Vittorio Gregotti

from Wikipedia, the free encyclopedia
Vittorio Gregotti (1975)

Vittorio Gregotti (born August 10, 1927 in Novara , Piedmont ; † March 15, 2020 in Milan ) was an Italian architect and designer . He was considered one of the last protagonists of Italian rationalism .

Life

Vittorio Gregotti studied architecture at the Milan Polytechnic , especially with Ernesto Nathan Rogers . As a student he worked in Auguste Perret's Paris office. In 1951 he was a participant in the architecture congress "The Heart of the City" of the Congrès Internationaux d'Architecture Moderne (CIAM) . In 1952 he opened his own Gregotti Associati studio ; In 1974 he founded Gregotti International in Milan with Pierluigi Carri, Augusto Cagnardi and Hiromichi Matsui . In addition to buildings, designs for furniture and lamps were also implemented. He was professor of design at the Università Iuav di Venezia and the architecture faculties in Milan and Palermo and the International Academy of Architecture in Sofia. He was visiting professor in Tokyo, Buenos Aires, São Paulo, Lausanne, Harvard, Philadelphia, Princeton, Cambridge (UK) and at MIT in Cambridge (USA).

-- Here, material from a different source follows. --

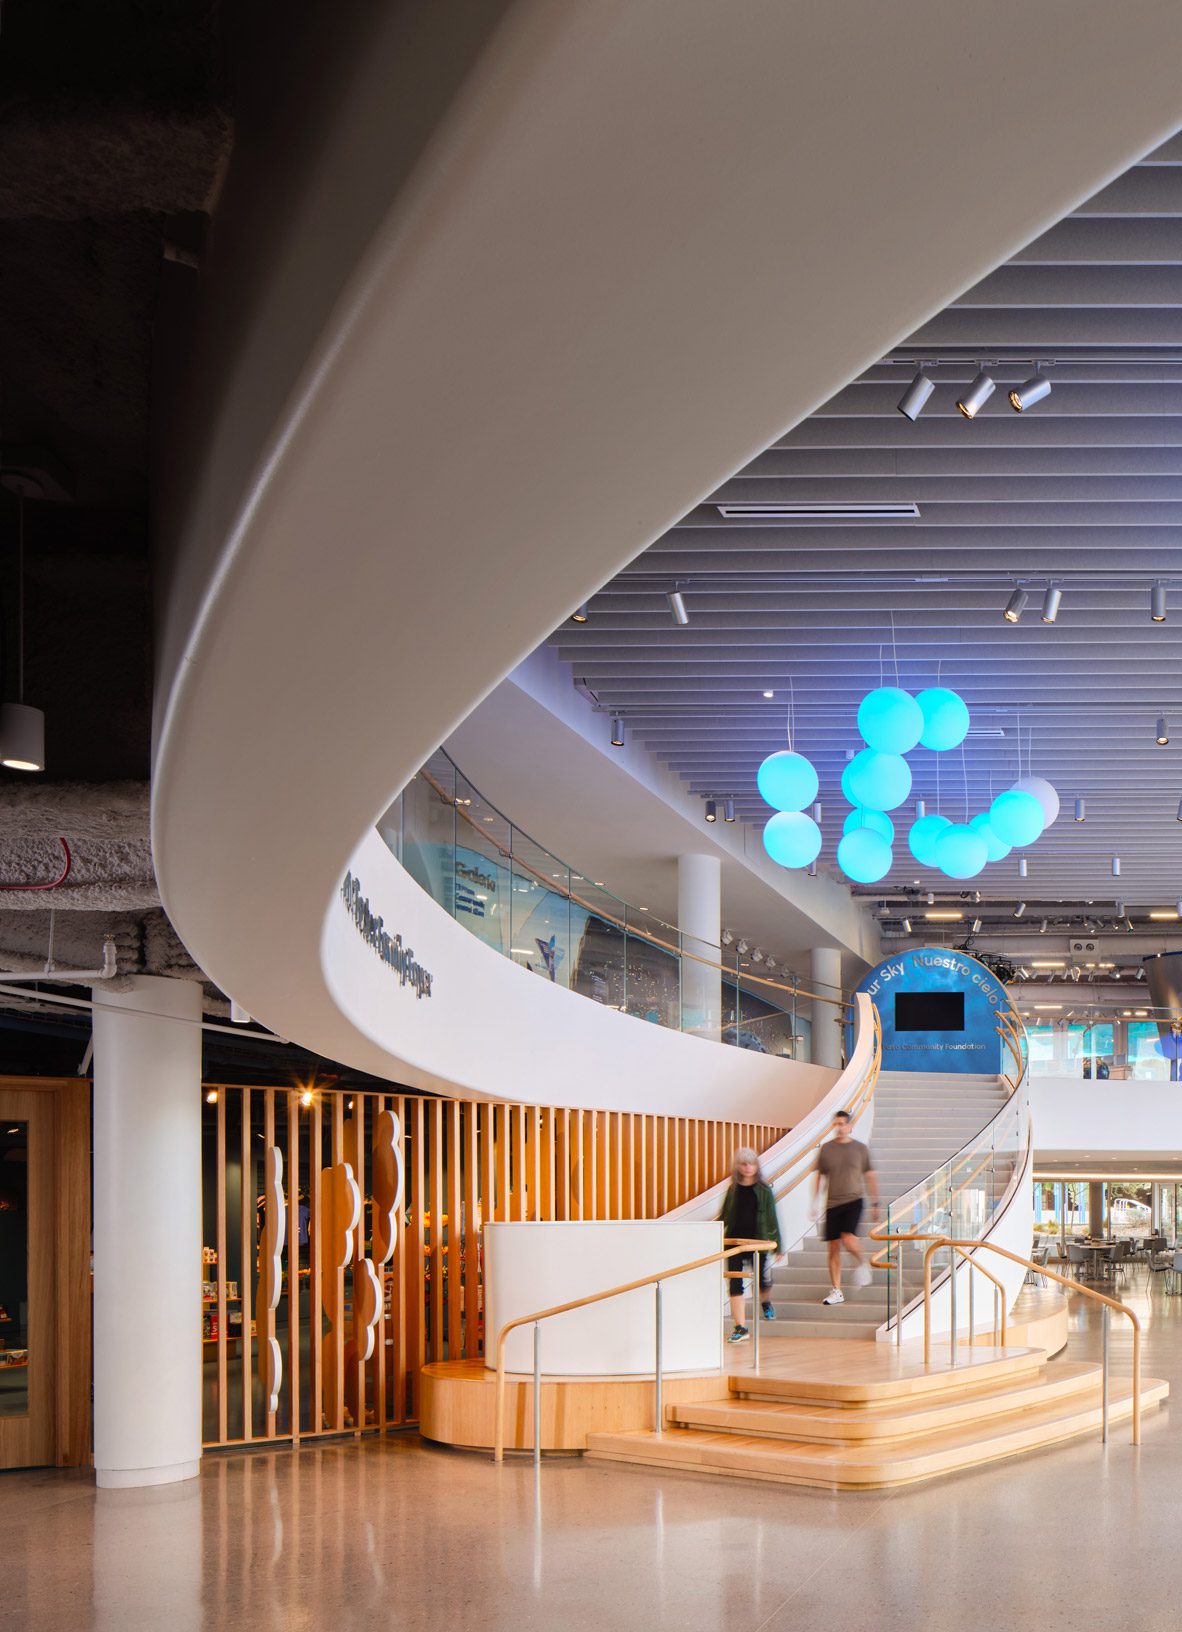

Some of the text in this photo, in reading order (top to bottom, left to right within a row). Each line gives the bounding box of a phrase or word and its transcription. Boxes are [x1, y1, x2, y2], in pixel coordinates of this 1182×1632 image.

[880, 961, 905, 982] Sky
[912, 955, 971, 977] Nuestro
[972, 973, 999, 1005] cielo

Gregotti and his office Gregotti Associati planned, among other things, the Olympic Stadium in Barcelona , the Centro Cultural de Belém in Lisbon , the Teatro degli Arcimboldi in Milan, the Bicocca district in Milan, the Cannaregio houses in Venice, the gatehouses in Berlin's Lützowstrasse, the Parisian Concert hall “La Gaîté de Paris”, the headquarters of Air France in Montreuil near Paris, the Guggenheim Museum in Venice and numerous universities, most recently the University of Calabria in Cosenza .

One of the major urban planning plans was the new square city with a total area of ​​over 15 km² in Pujiang (Shanghai) . A 2.6 km² section in the north of the city was designed with garden villas , an Italian palace and a piazza with a bell tower .

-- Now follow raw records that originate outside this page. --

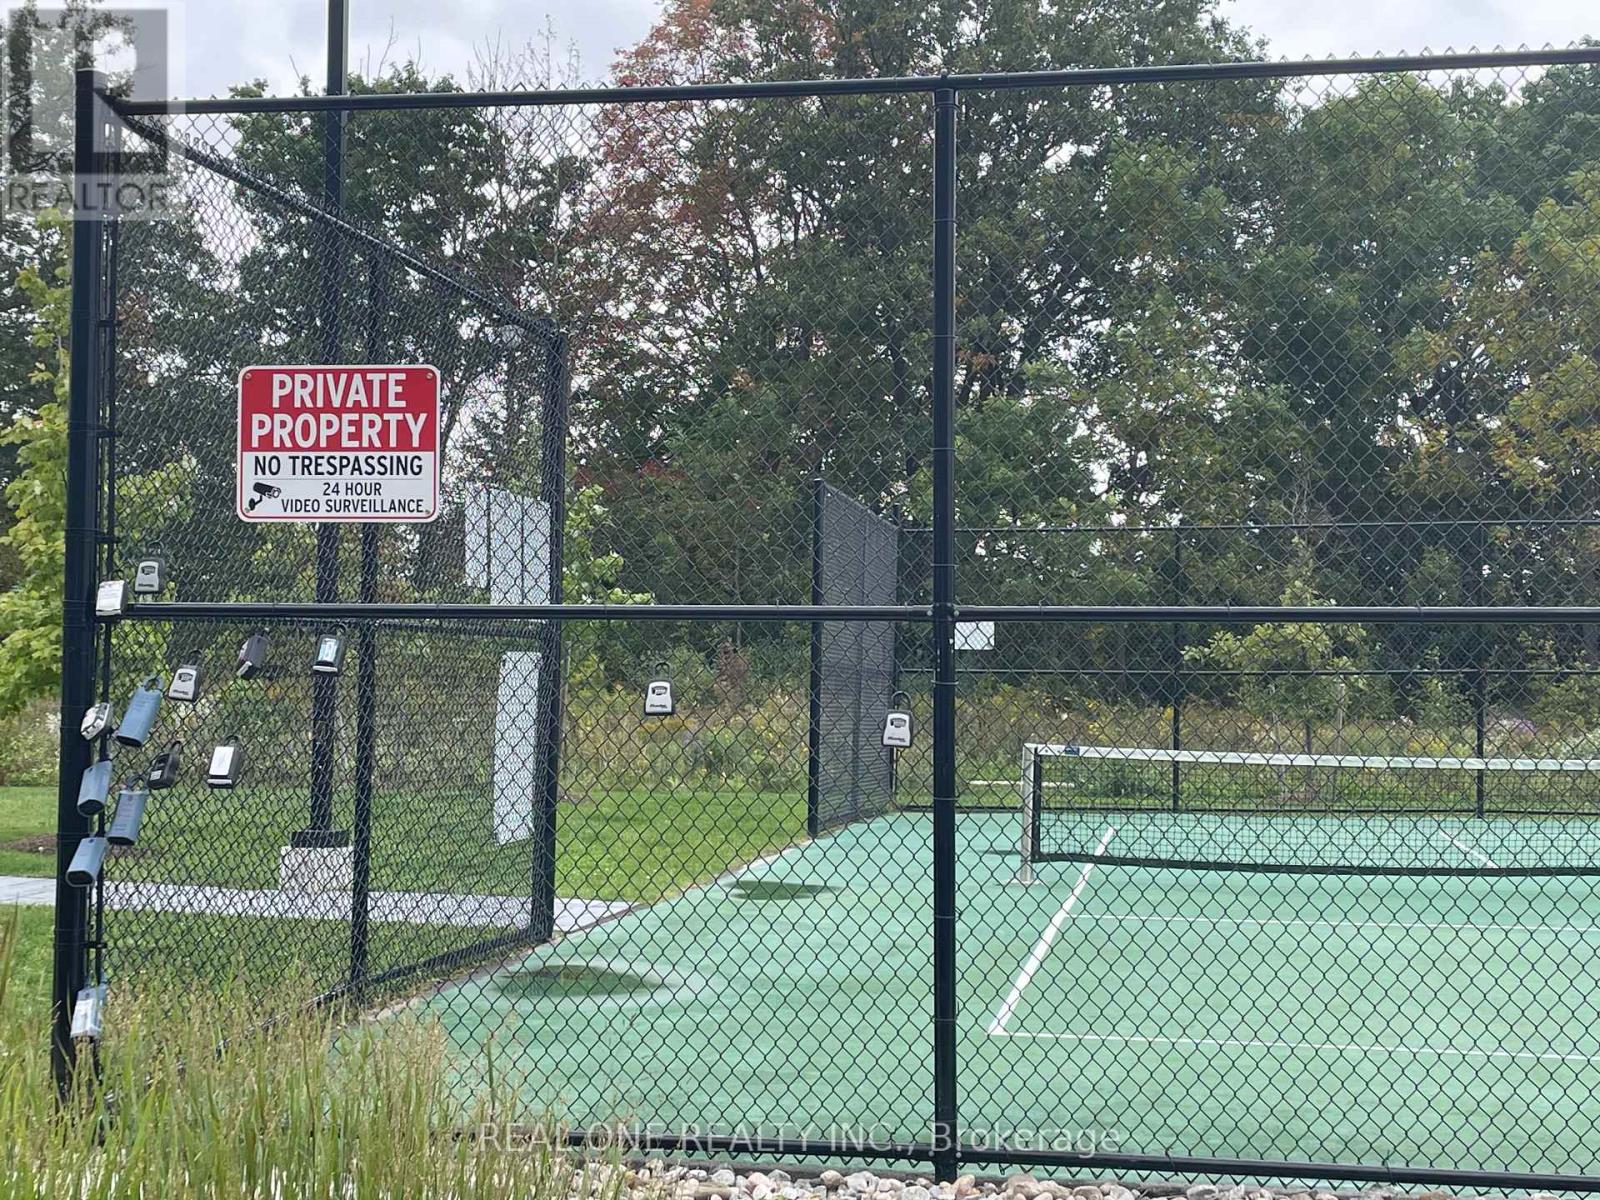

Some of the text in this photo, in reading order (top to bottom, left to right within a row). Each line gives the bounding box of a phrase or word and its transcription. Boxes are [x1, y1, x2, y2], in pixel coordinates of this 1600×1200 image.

[272, 373, 407, 408] PRIVATE
[251, 413, 428, 448] PROPERTY
[254, 455, 423, 476] NO TRESPASSING
[323, 482, 382, 496] 24 HOUR
[281, 499, 424, 513] VIDEO SURVEILLANCE

He was responsible for the introductory section of the XIII. Triennial in Milan (1964) which won the International Grand Prix. From 1974 to 1976 he was director of the Fine Arts and Architecture section of the Biennale di Venezia. At the Triennale di Milano in 2012 he was awarded the Medaglia d'Oro alla Carriera. From 1979 to 1998 he was director of the art magazine Rassegna , from 1981 to 1996 editor of the architecture magazine Casabella and editor of Lotus International . He has published numerous articles in various newspapers such as Corriere della Sera and La Repubblica and has written several books. He was a member of the Accademia di San Luca since 1976 and of the Accademia di Brera since 1995 . In 2000 he was awarded the Order of Merit of the Italian Republic for his work . He received honorary doctorates from the universities in Prague (1996), Bucharest (1999) and Porto (2003). The Manfredo Tafuri Prize of the Venice Architecture Biennale followed in 2006 and the Millennium Award of the Trienal de Arquitectura de Lisboa in 2007. In 1997 he became an honorary member of the Association of German Architects (BDA) and in 1999 of the American Institute of Architects (AIA) .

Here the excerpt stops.